27.2.4 You get what you pay for

The graphs and informal descriptions above give a flavor of how we might want to measure runtime behavior of our programs. We have to measure at least four things: their best and worst times (as functions of the input size) and their best and worst memory usages (as functions of the input size). But you should be skeptical: is it remotely plausible to talk in vague generalities about “operations”? For example, it probably makes very little sense to claim that “capitalizing a string of 100 characters” takes the same amount of effort as “adding two integers” — but depending on the algorithm we are analyzing, we might not care about the details of how long capitalizing a string takes.

In other words, we have to define a cost model, that specifies how much each kind of operation of interest “costs”. We can define cost models of varying complexities, but for our purposes, we can make do with a very simple cost model:
  • Constants (like 1, true, or "hello") are free of cost.

  • Every arithmetic operation costs \(1\) unit, plus the costs associated with evaluating its subexpressions.

  • Every method invocation costs \(1\) unit, plus the costs associated with evaluating the arguments, plus the cost of evaluating the method body.

  • Every statement costs \(1\) unit, plus the costs associated with evaluating its subexpressions.

Sometimes we will simplify even further, and treat entire methods as costing a single unit. For example, below, we will analyze sorting algorithms and simplify the swap() operation to cost just \(1\) unit.
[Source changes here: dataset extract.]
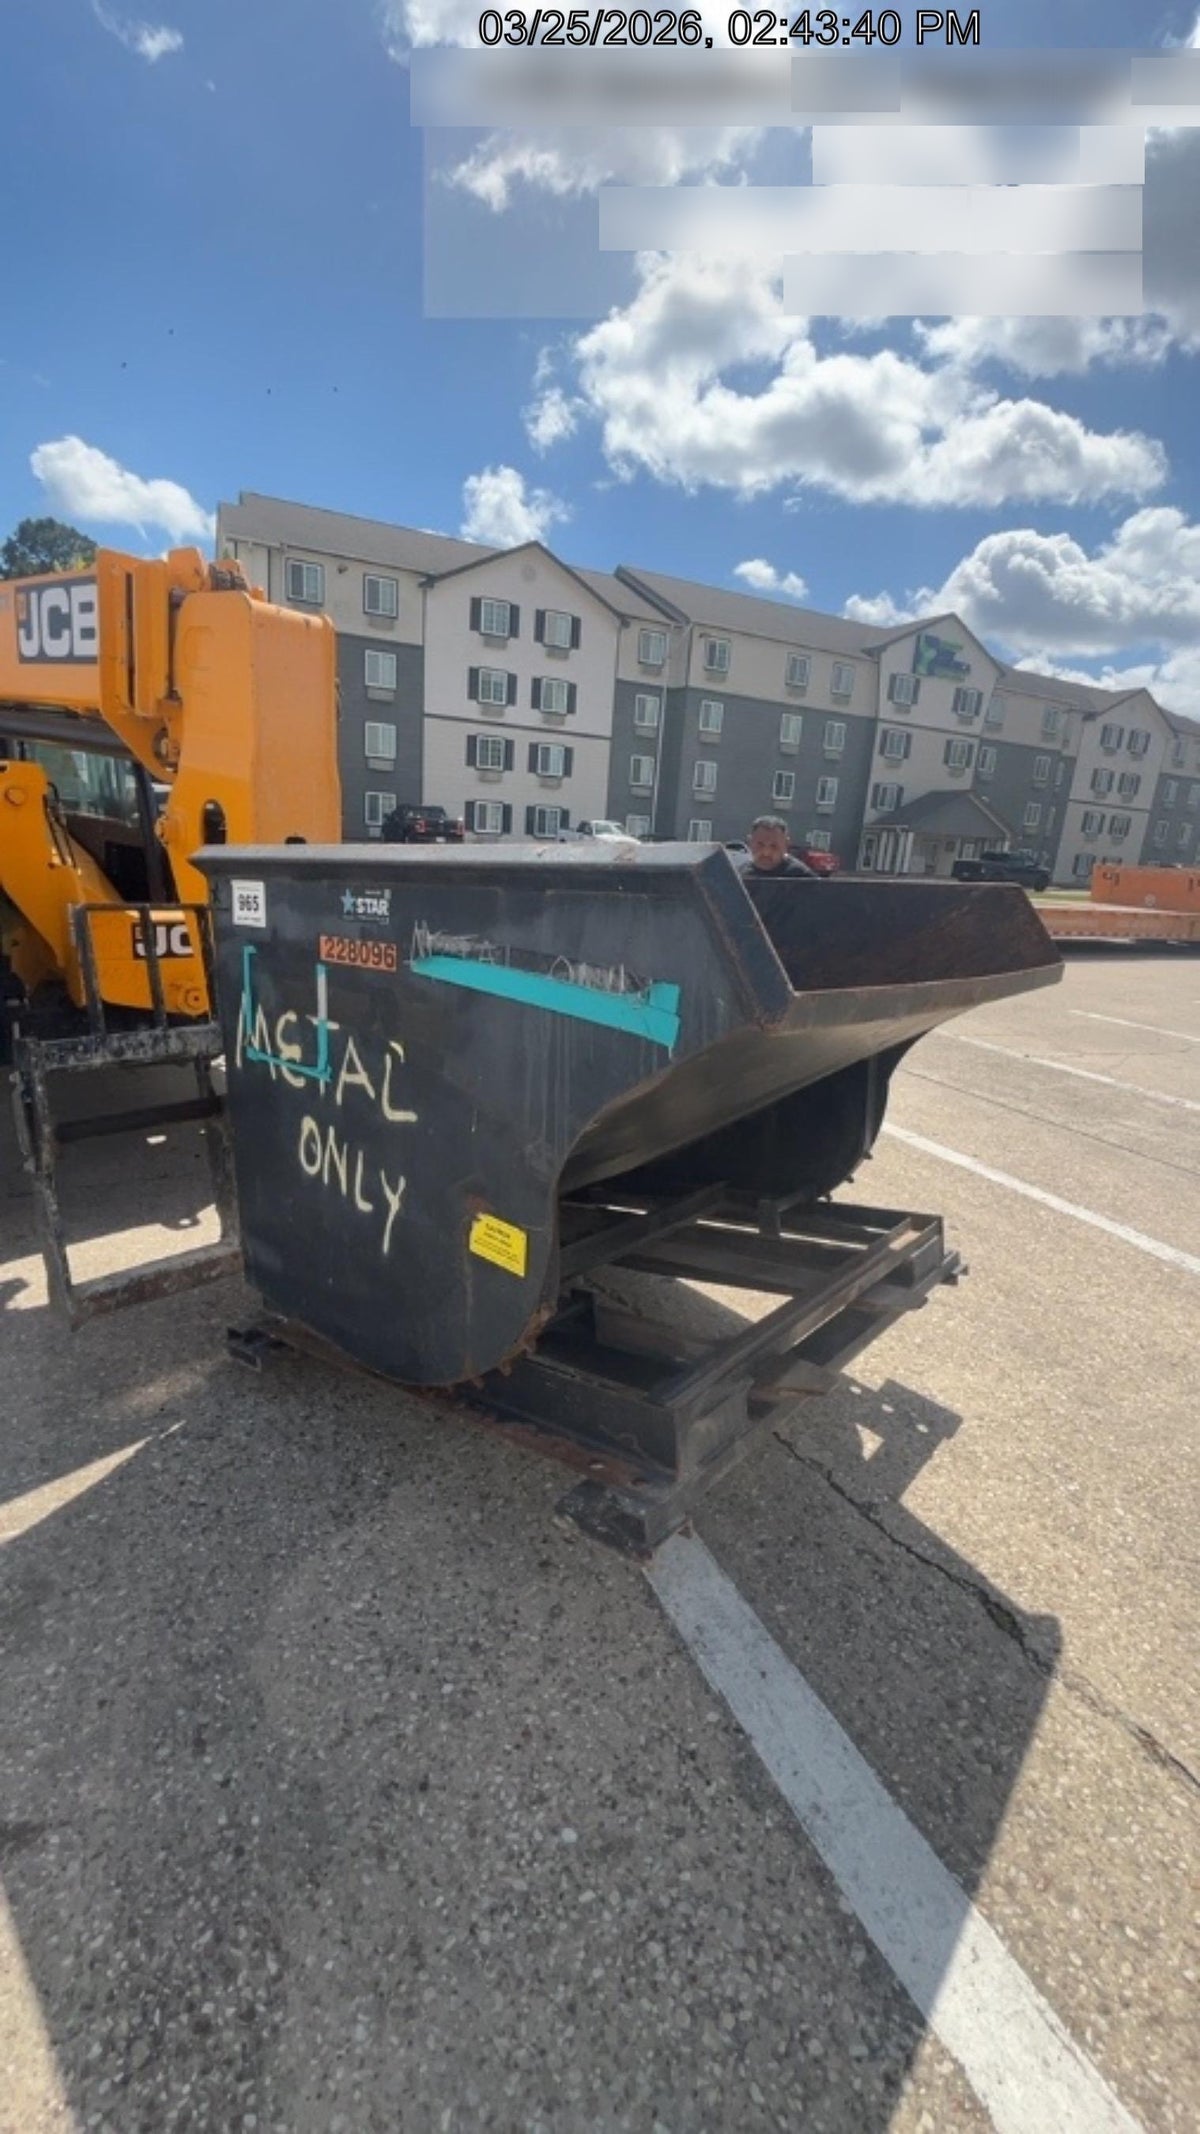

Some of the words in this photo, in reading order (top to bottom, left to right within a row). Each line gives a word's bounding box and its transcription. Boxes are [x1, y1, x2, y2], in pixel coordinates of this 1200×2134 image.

The goal here is to focus on just the details that are of greatest interest, and to carefully ignore any other distractions.

27.3 Introducing big-O and big-Ω notation

We make a few observations, and elaborate them into our full definition:
  1. Performance of an algorithm is best expressed as a function of the size of the input.

  2. Since algorithms are often recursive, the performance of an algorithm at one size often depends the performance of that algorithm at another size.

  3. We need the ability to compare one function to another holistically, to express when one function “is no bigger than” or “no smaller than” another function.

  4. Comparing two functions ought to behave like less-than-or-equal comparisons should: it should be reflexive, transitive and antisymmetric.

27.3.1 Performance is a function of input sizes

As a simple example, let’s take a look at our familiar implementation for list length:
interface IList<T> {
int length();
}
class MtList<T> implements IList<T> {
public int length() { return 0; }
}
class ConsList<T> implements IList<T> {
T first;
IList<T> rest;
public int length() { return 1 + this.rest.length(); }
}
Suppose we ask the question, how much does it cost to evaluate someList.length()? We can’t give a constant answer (say, \(42\)), because clearly the amount of work we need to perform depends on how many items are in the list. So let’s revise the question: supposing there are \(n\) items in the list (i.e. \(n\) ConsList objects and one MtList at the end), how much does it cost to evaluate someList.length()?

Do Now!

Figure out this cost. Justify your answer.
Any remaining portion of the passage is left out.